WT1interaction with beta-catenin
Activating mutations of the beta-catenin gene (CTNNB1) have been reported to occur in 15% of Wilms tumor patients. In one study, all but one tumor with a beta-catenin mutation had a WT1 mutation, and at least 50% of the tumors with WT1 mutations had a beta-catenin mutation.[51,52] Activation of beta-catenin in the presence of intact WT1 protein appears to be inadequate to promote tumor development because CTNNB1 mutations are rarely found in the absence of a WT1 or WTX mutation.[53,54] About one-third of Wilms tumors have a somatic mutation in WT1, WTX, and/or CTNNB1.
Wilms tumor 2locus (WT2)
When modern molecular genetic techniques are used in testing, the incidence of germline WT2 aberrations is about 8%. Most of these aberrations may be diagnosed, or at least highly suspected, on the basis of clinical syndromic findings at or before diagnosis of Wilms tumor. However, when 437 children with nonsyndromic Wilms tumor were screened for germline mutations in the WT2 locus, 13 mutations (3% of patients) were found. None of these children had signs of Beckwith-Wiedemann syndrome, although they did have a higher frequency of bilateral tumors and perilobar nephrogenic rests. All were de novo abnormalities, except one novel microdeletion in one child, and their mother was not affected. A similar mutation at the WT2 locus was found in 1 of 22 familial Wilms tumor families tested.

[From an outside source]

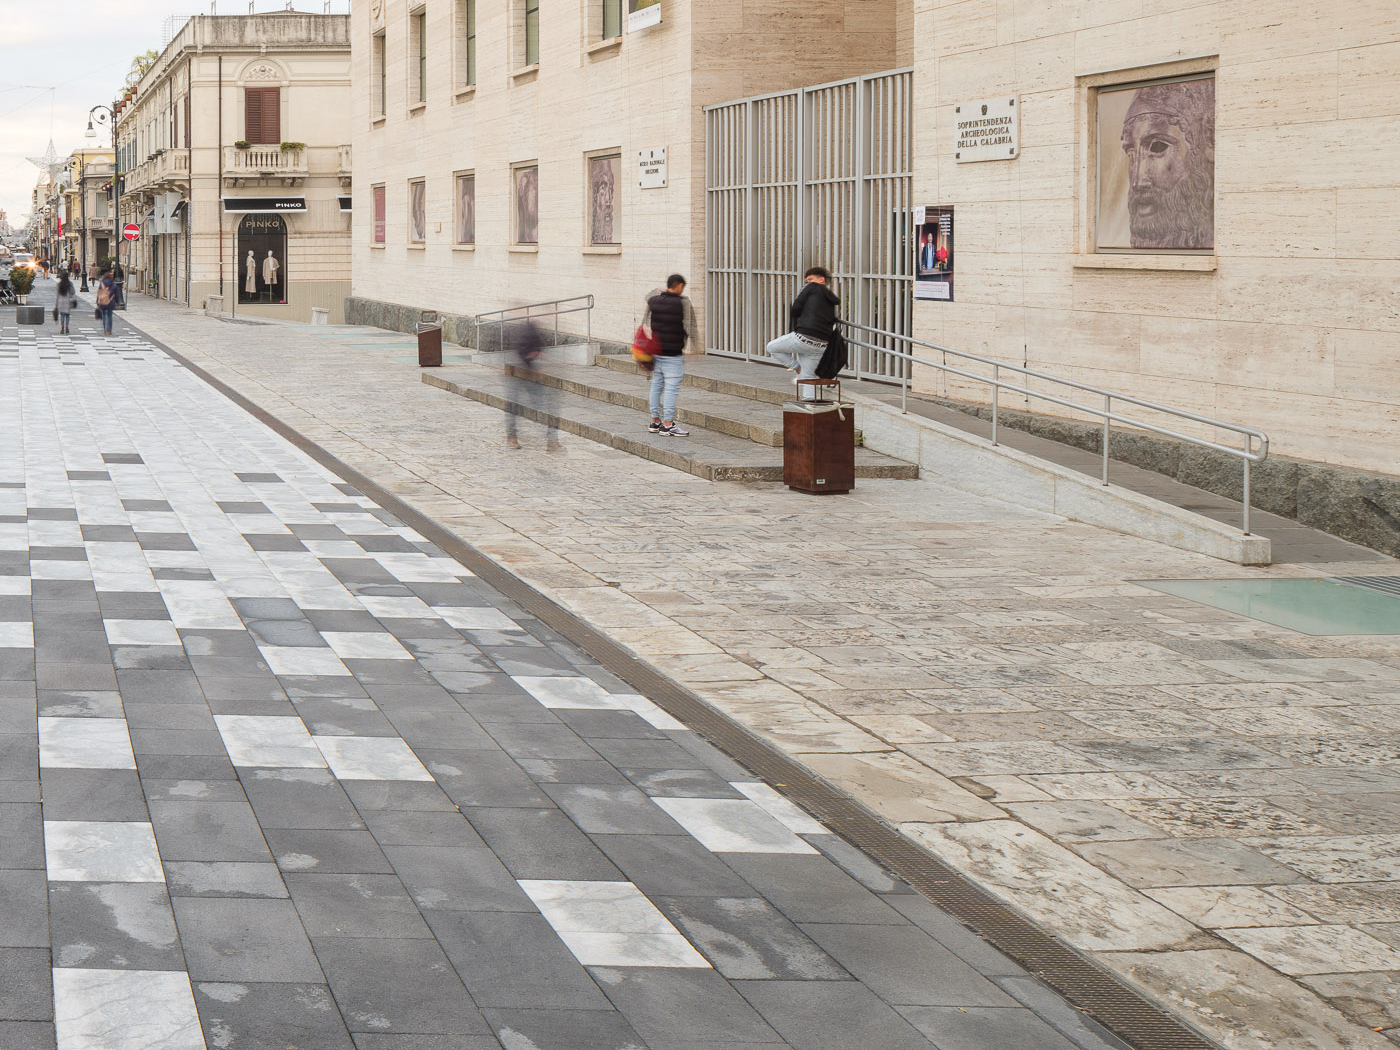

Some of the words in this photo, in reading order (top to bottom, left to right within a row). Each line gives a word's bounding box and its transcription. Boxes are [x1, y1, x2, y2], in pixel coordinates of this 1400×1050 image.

WT2and Beckwith-Wiedemann syndrome
A second Wilms tumor locus, WT2, maps to an imprinted region of chromosome 11p15.5, which, when it is a germline mutation, causes the Beckwith-Wiedemann syndrome. About 3% of children with Wilms tumors have germline epigenetic or genetic changes at the 11p15.5 growth regulatory locus without any clinical manifestations of overgrowth. Like children with Beckwith-Wiedemann syndrome, these children have an increased incidence of bilateral Wilms tumor or familial Wilms tumor.